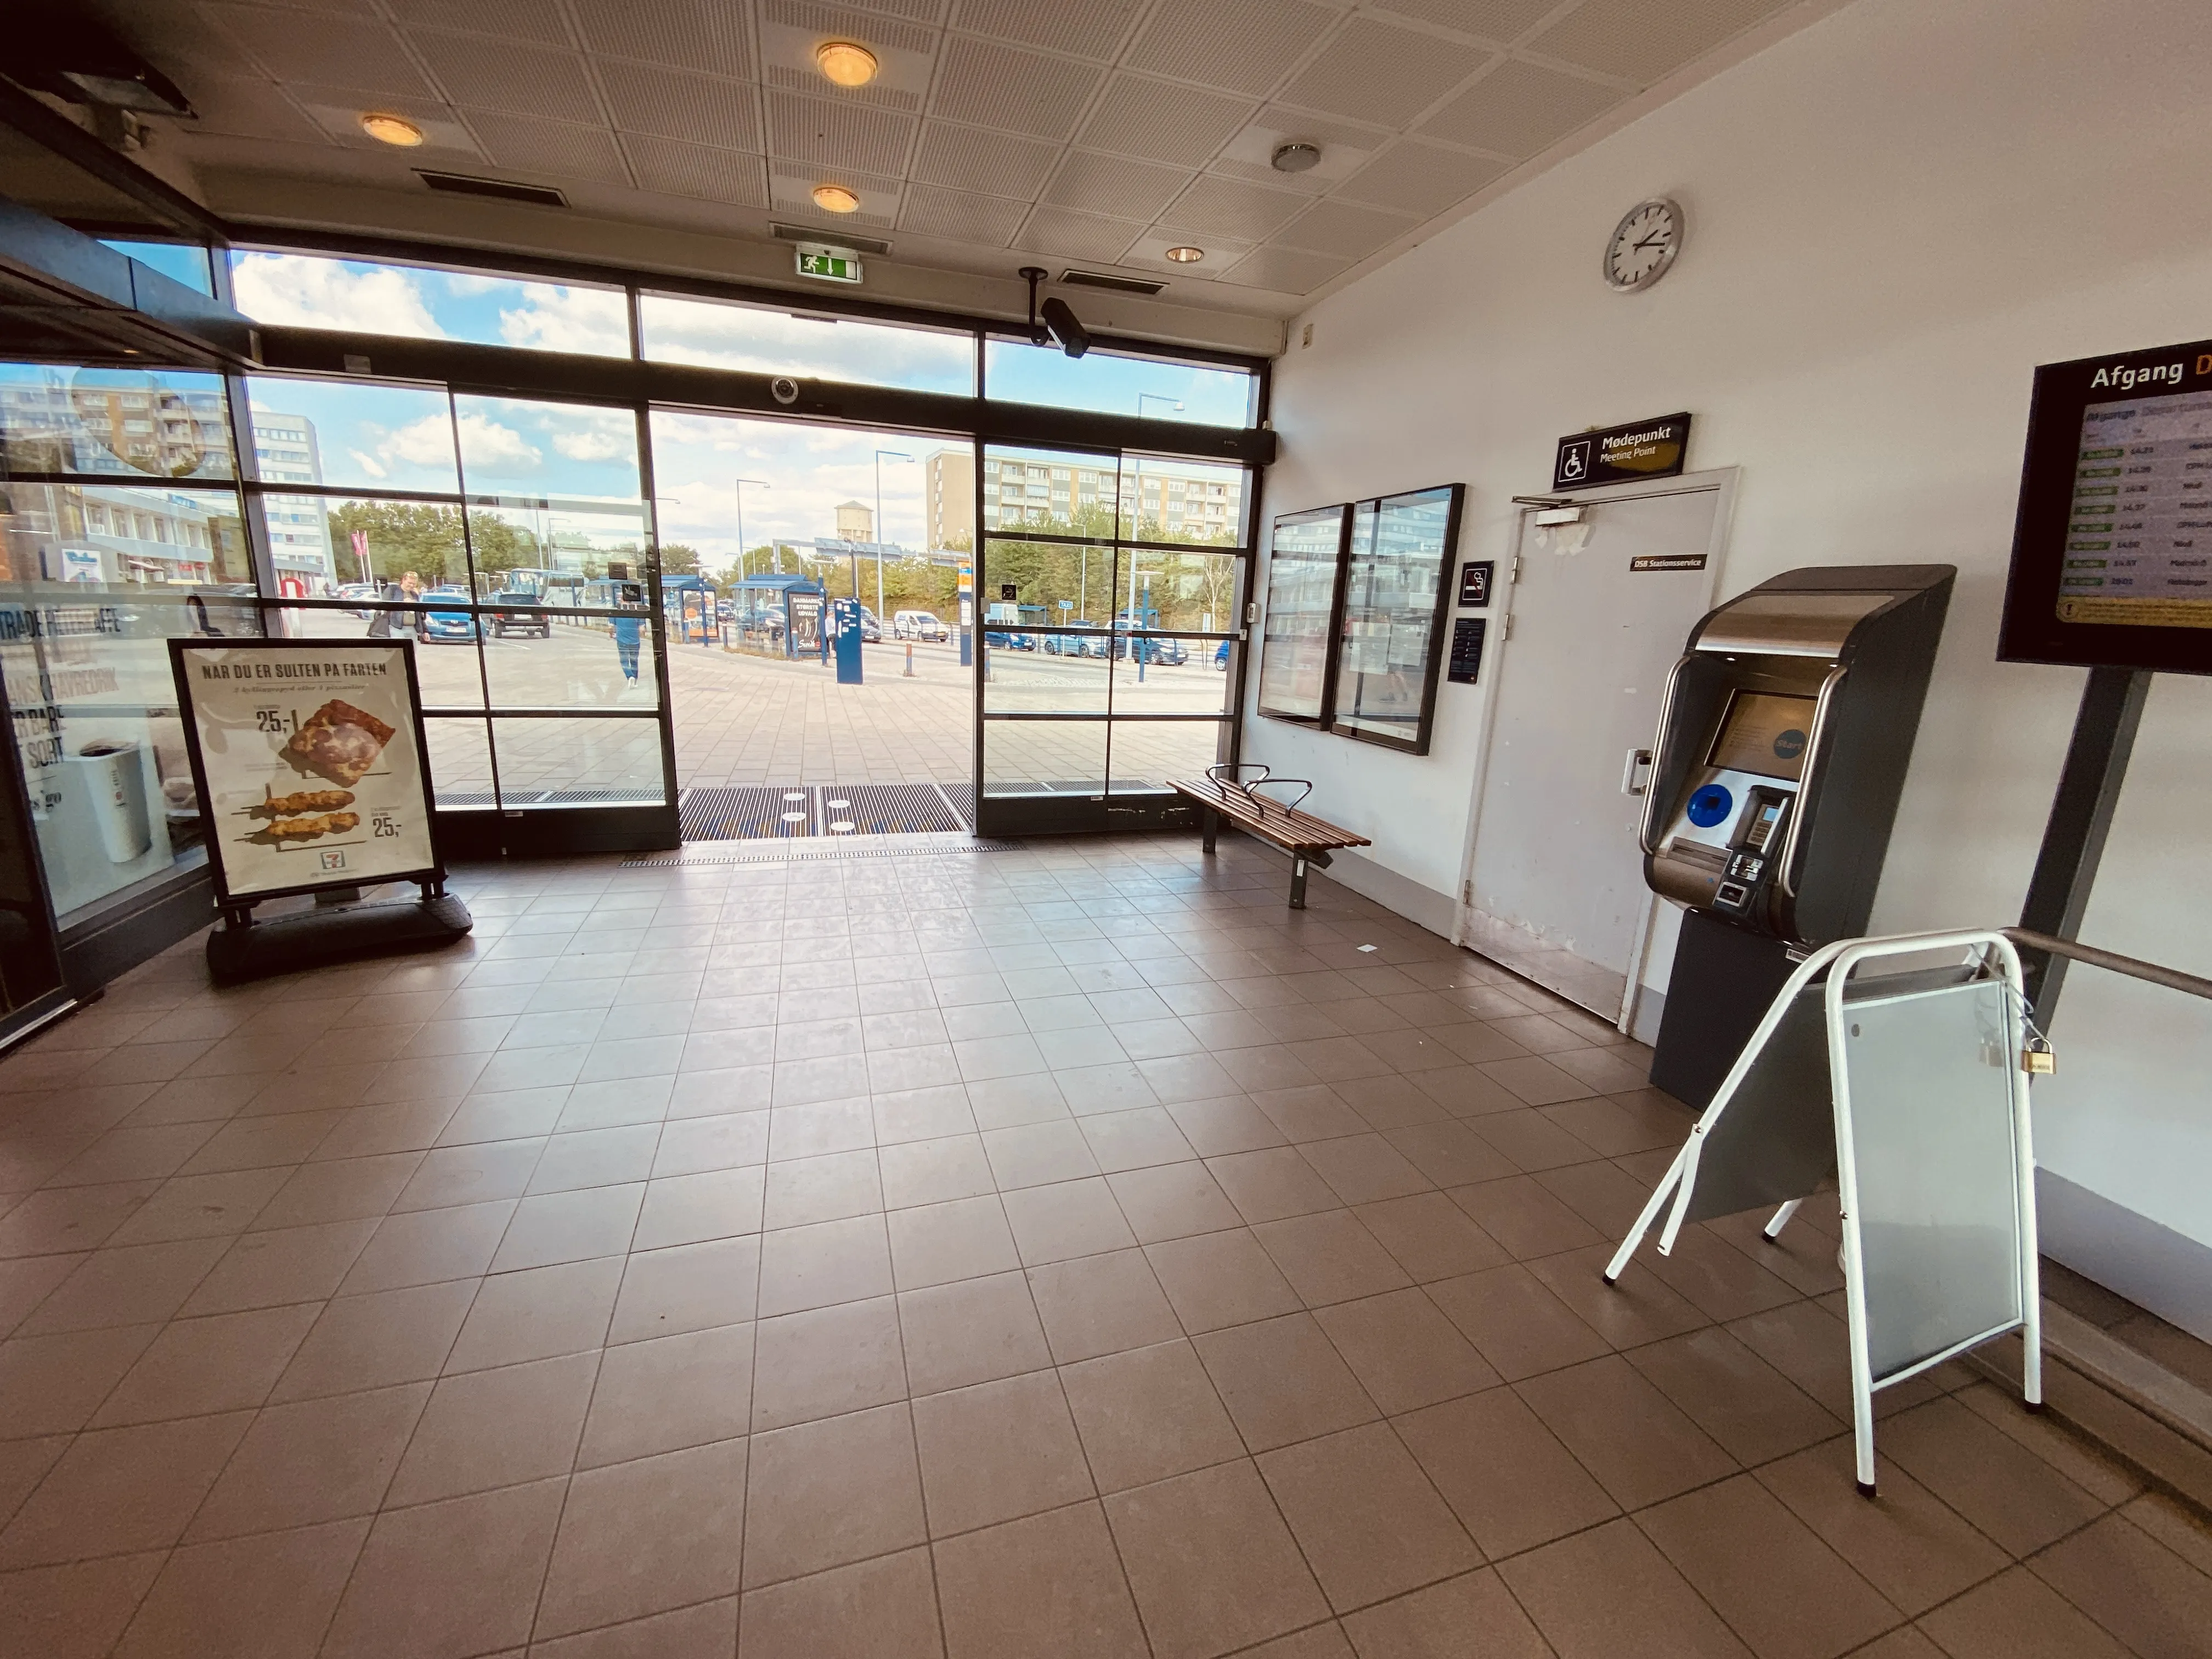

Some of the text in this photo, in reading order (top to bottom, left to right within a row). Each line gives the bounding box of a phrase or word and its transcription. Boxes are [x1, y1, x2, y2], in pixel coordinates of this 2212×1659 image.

[2090, 363, 2184, 390] Afgang
[1602, 426, 1672, 450] Mødepunkt
[1600, 446, 1656, 463] Meeting Point
[1649, 558, 1701, 568] Stationsservice
[233, 664, 252, 679] DU
[255, 664, 272, 679] ER
[275, 663, 320, 678] SULTEN
[343, 663, 387, 676] FARTEN
[256, 710, 290, 734] 25,-
[27, 736, 64, 769] SORT
[373, 817, 402, 838] 25,-
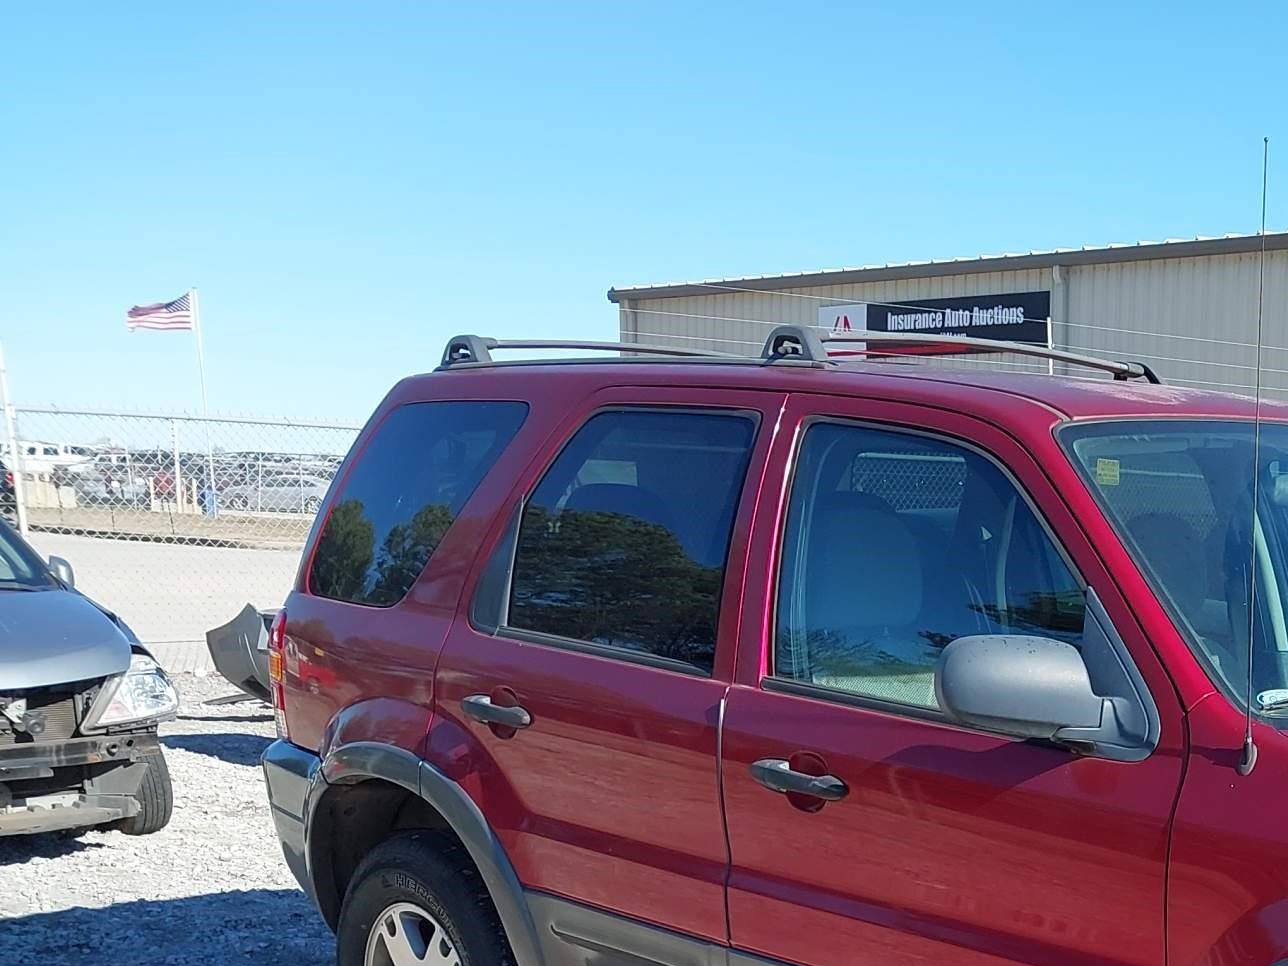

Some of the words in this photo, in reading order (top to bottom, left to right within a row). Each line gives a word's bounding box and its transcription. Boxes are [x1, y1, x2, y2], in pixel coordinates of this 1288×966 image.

[887, 312, 943, 331] Insurance
[944, 308, 970, 328] Auto
[971, 304, 1025, 327] Auctions
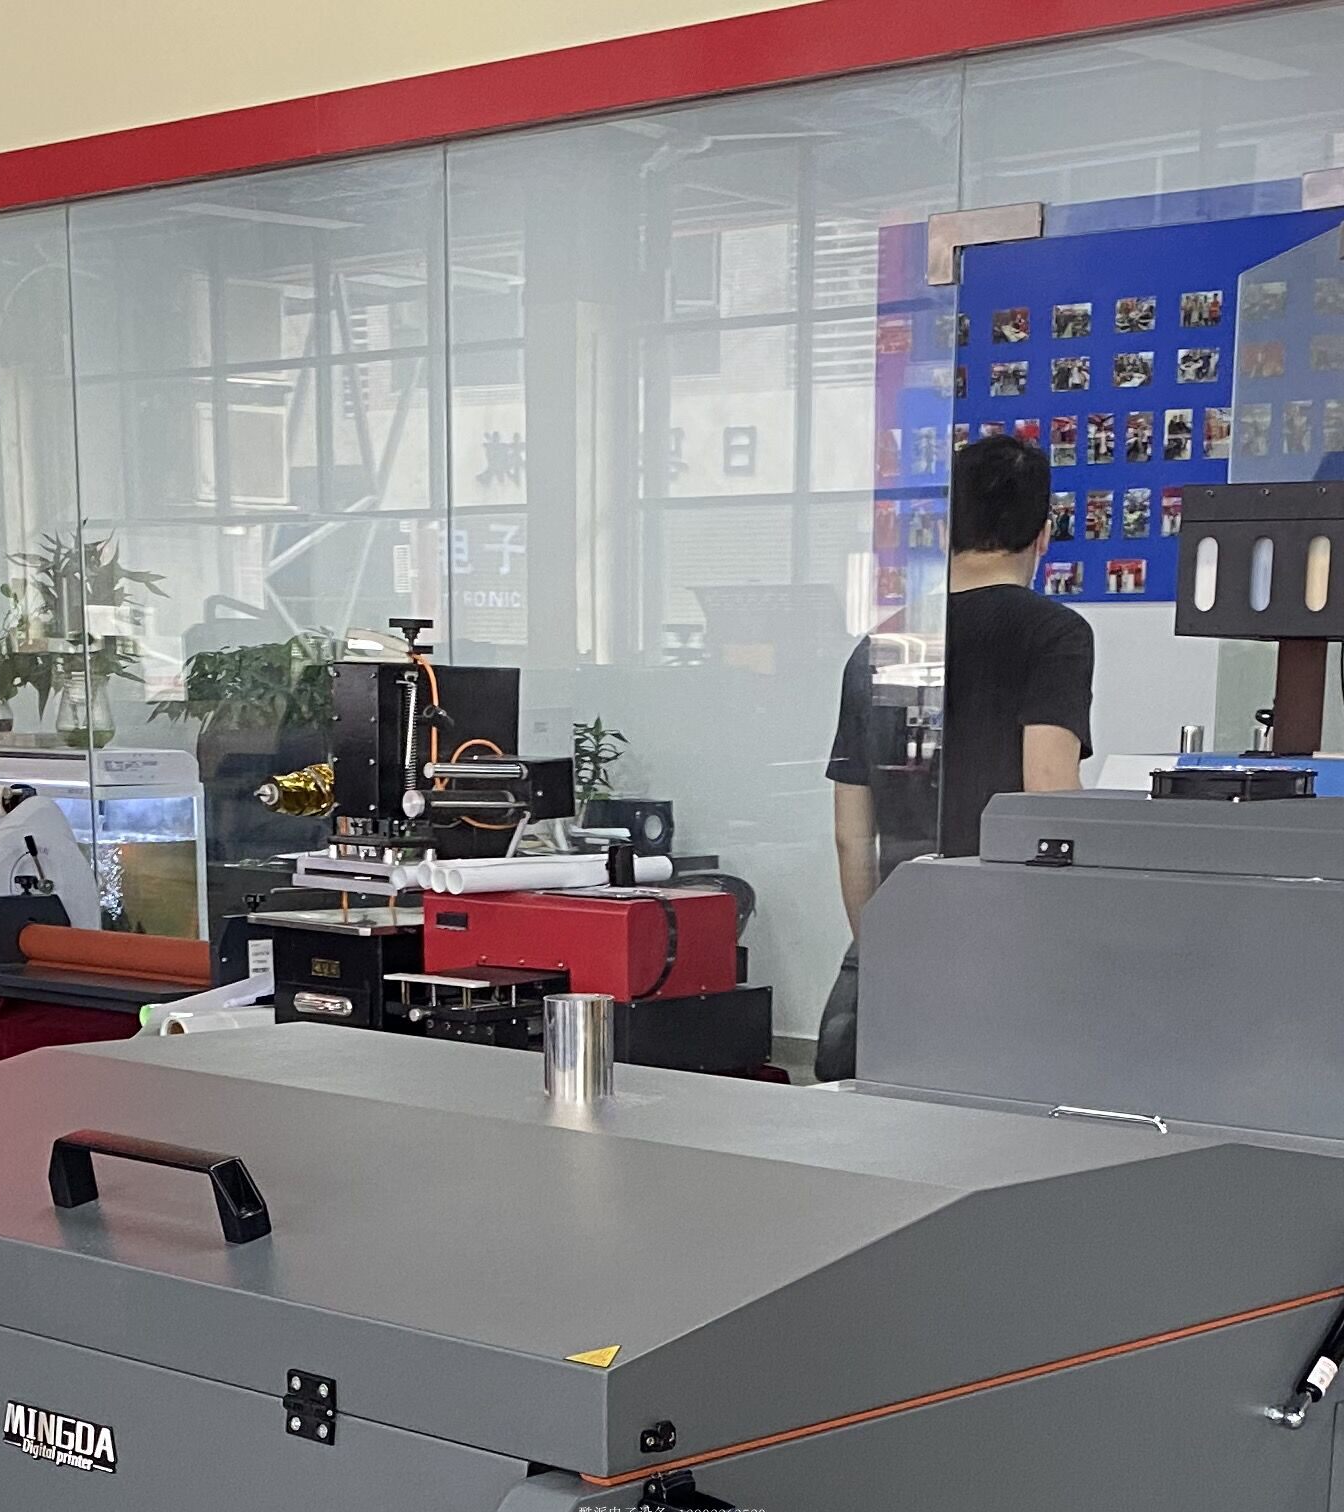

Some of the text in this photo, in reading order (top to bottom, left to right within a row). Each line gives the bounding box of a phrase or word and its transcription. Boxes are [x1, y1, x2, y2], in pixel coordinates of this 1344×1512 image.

========

== TASK GOAL ==
Skipping all images, print the data above a second time exactly.

== RESPONSE TO THIS TASK ==
Some of the text in this photo, in reading order (top to bottom, left to right within a row). Each line gives the bounding box of a phrase or word and its transcription. Boxes are [x1, y1, x2, y2], in pixel coordinates of this 2212×1659 image.

[2090, 363, 2184, 390] Afgang
[1602, 426, 1672, 450] Mødepunkt
[1600, 446, 1656, 463] Meeting Point
[1649, 558, 1701, 568] Stationsservice
[233, 664, 252, 679] DU
[255, 664, 272, 679] ER
[275, 663, 320, 678] SULTEN
[343, 663, 387, 676] FARTEN
[256, 710, 290, 734] 25,-
[27, 736, 64, 769] SORT
[373, 817, 402, 838] 25,-

Some of the words in this photo, in reading order (top to bottom, left to right within a row). Each line gives a word's bounding box and its transcription. Boxes are [x1, y1, x2, y2], in pixel coordinates of this 1288×966 image.

[887, 312, 943, 331] Insurance
[944, 308, 970, 328] Auto
[971, 304, 1025, 327] Auctions

Some of the text in this photo, in reading order (top to bottom, left to right within a row). Each line gives the bounding box of a phrase or word and its transcription. Boxes are [x1, y1, x2, y2], in pixel coordinates of this 1344×1512 image.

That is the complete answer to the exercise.